From the perspective of the DBA teams, they understandingly like to perform
maintenance during the working day whenever possible, to avoid late night and
weekend work.
Issues:

Outages are occurring during the day and impacting development schedules

Planning for downtime in off hours means IT staff must work on nights and
weekends.
Recommendation – Perform Rolling Upgrades
One of the prominent causes of system down time has traditionally been hardware
and software upgrades. As customers rely more and more on the IT infrastructure to
power their “always on” business, the concept of the “offline maintenance window”
is gradually becoming a thing of the past. Today, customers need IT vendors to
provide capabilities to perform such routine maintenance tasks without causing any
business interruption. As the technology leader, Oracle Database 10g contains the
most comprehensive set of features that enable customers to achieve this objective.
We will now present an overview of those features that allow customers to perform
software upgrades with little or no downtime.
Let’s examine the various types of software management operations typically
performed in an Oracle environment:
 One off patches
 Critical Patch Updates (CPUs)
 Patchsets
 Release and Version Upgrades
 Operating System Updates
 Application Updates
Each of these scenarios is described in detail in the following sections.
One off patches
One-off patches are generally issued in response to critical bugs encountered by the
customers that need to be fixed immediately and cannot wait until the release of the
next patchset. The decision regarding when and whether to release a one-off patch is
made by Oracle Worldwide Support and Defects and Diagnostic Resolution (DDR)

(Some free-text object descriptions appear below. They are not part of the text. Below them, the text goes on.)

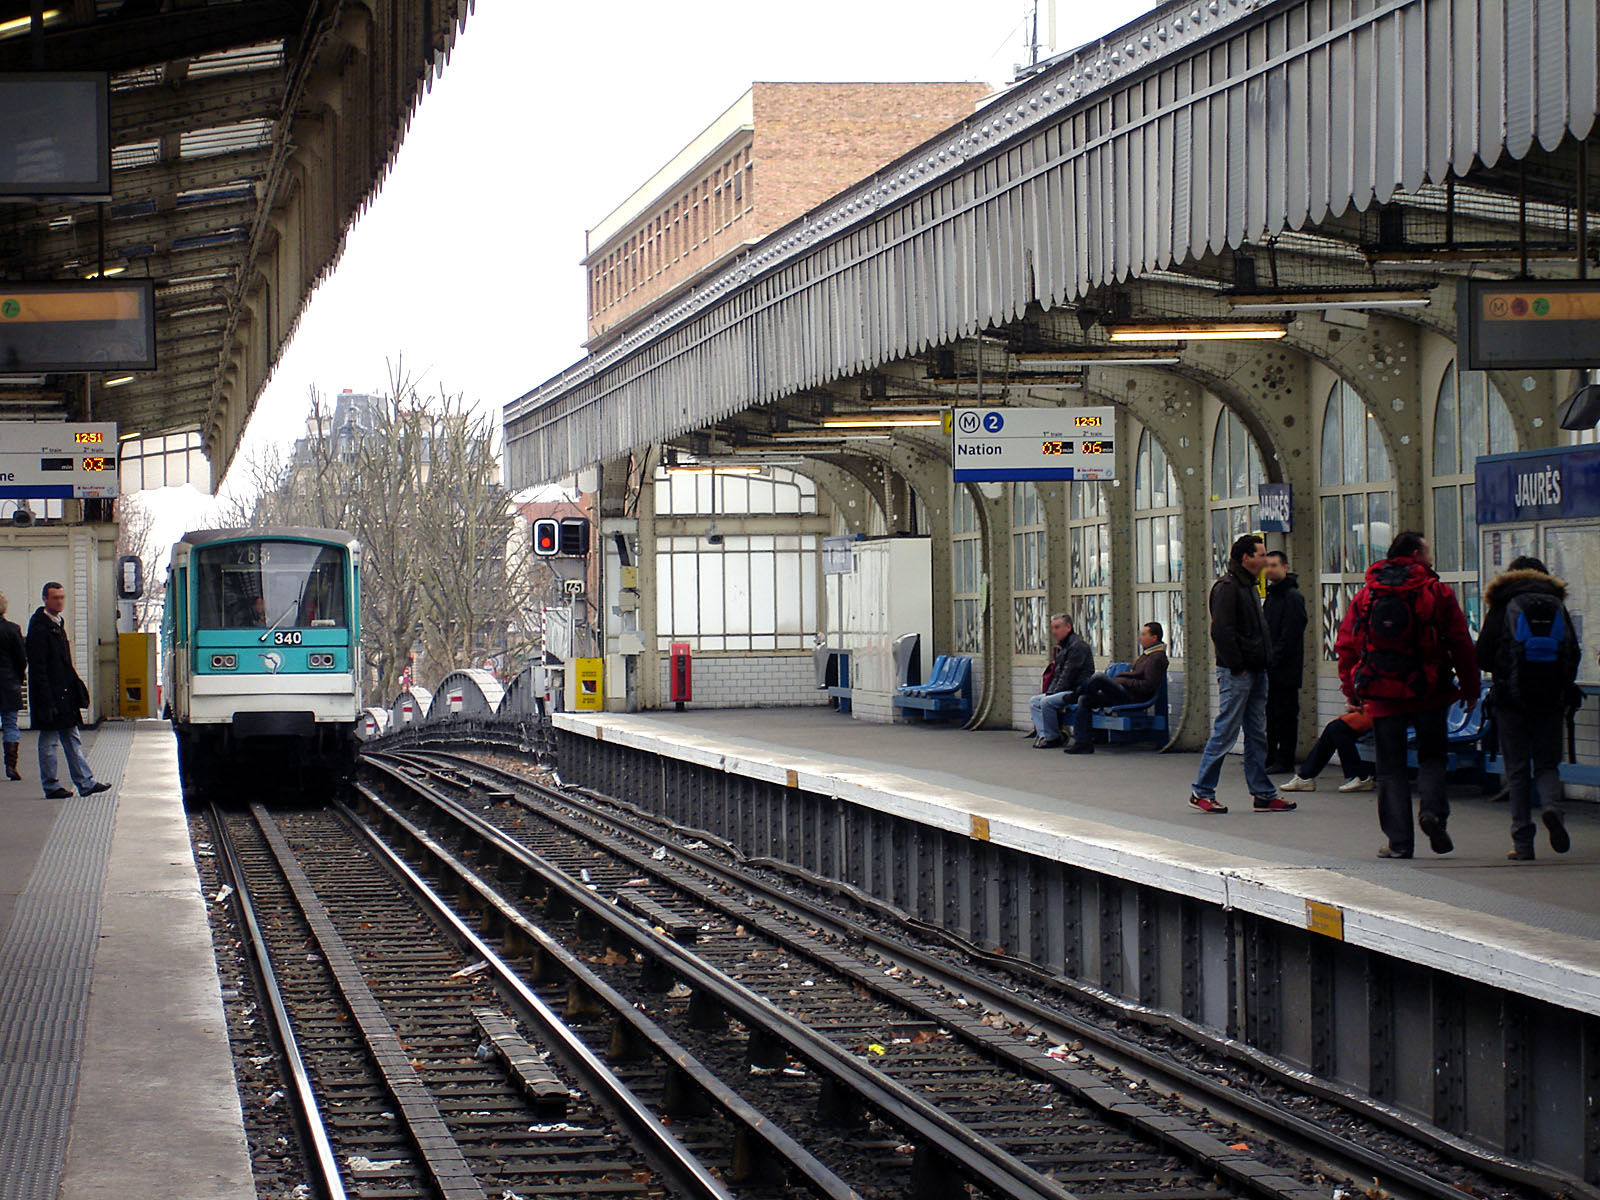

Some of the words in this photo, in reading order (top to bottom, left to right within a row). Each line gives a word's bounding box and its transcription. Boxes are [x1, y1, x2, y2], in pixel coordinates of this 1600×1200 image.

[1075, 417, 1101, 427] 12:51
[75, 432, 102, 443] 12:51
[958, 443, 1002, 456] Nation
[1042, 441, 1063, 455] 03
[1082, 441, 1103, 454] 06
[83, 457, 104, 472] 03
[1515, 465, 1561, 507] JAURÈS
[274, 632, 302, 645] 340

group within Server Technologies based on set of pre-defined criteria, such as:

The bug must have a significant impact on customer’s ability to conduct
normal business

The bug leads to issues such as database hangs, crashes, or data corruption
and must be fixed immediately
Each one-off patch is identified by a patch number (e.g. 3574504). Installing one-off
14
IU and Oracle Confidential
patches does not change the version of the installed Oracle software. For example,
even after applying patch number 3574504 on top of the version 10.1.0.3 of the Oracle
database software, the version of the updated software will continue to be 10.1.0.3.
However, a list of the installed one-off fixes is maintained in the Oracle install
inventory and can be queried if desired.
Installing one-off patches has traditionally required the database to be shutdown.
However, starting with the version 9.2.0.2, certain one-off patches can be applied
across Real Application Clusters (RAC) instances in a “rolling” fashion, provided
each instance uses a local installation of the Oracle software (i.e. the instances do not
share Oracle Home). The word “rolling” signifies that the patch can be installed on
each instance, one at a time, without requiring other instances to go down. This
allows the database to be accessible during the patch application process. However, it
is important to note that the instance on which the patch is being applied must be
brought down.
Another important point to remember is that not all one-off patches today are rolling
updateable. The patches that modify common data structures, inter-instance
messages, or database metadata (e.g. views, stored procedures, or any other on-disk
structure) cannot be applied in a rolling fashion. Consequently, patches that can be
applied in a rolling fashion are clearly labeled that way (on MetaLink and in the
readme.txt file). Customers can also use the OPATCH utility to determine if a given
one off patch is rolling updateable or not.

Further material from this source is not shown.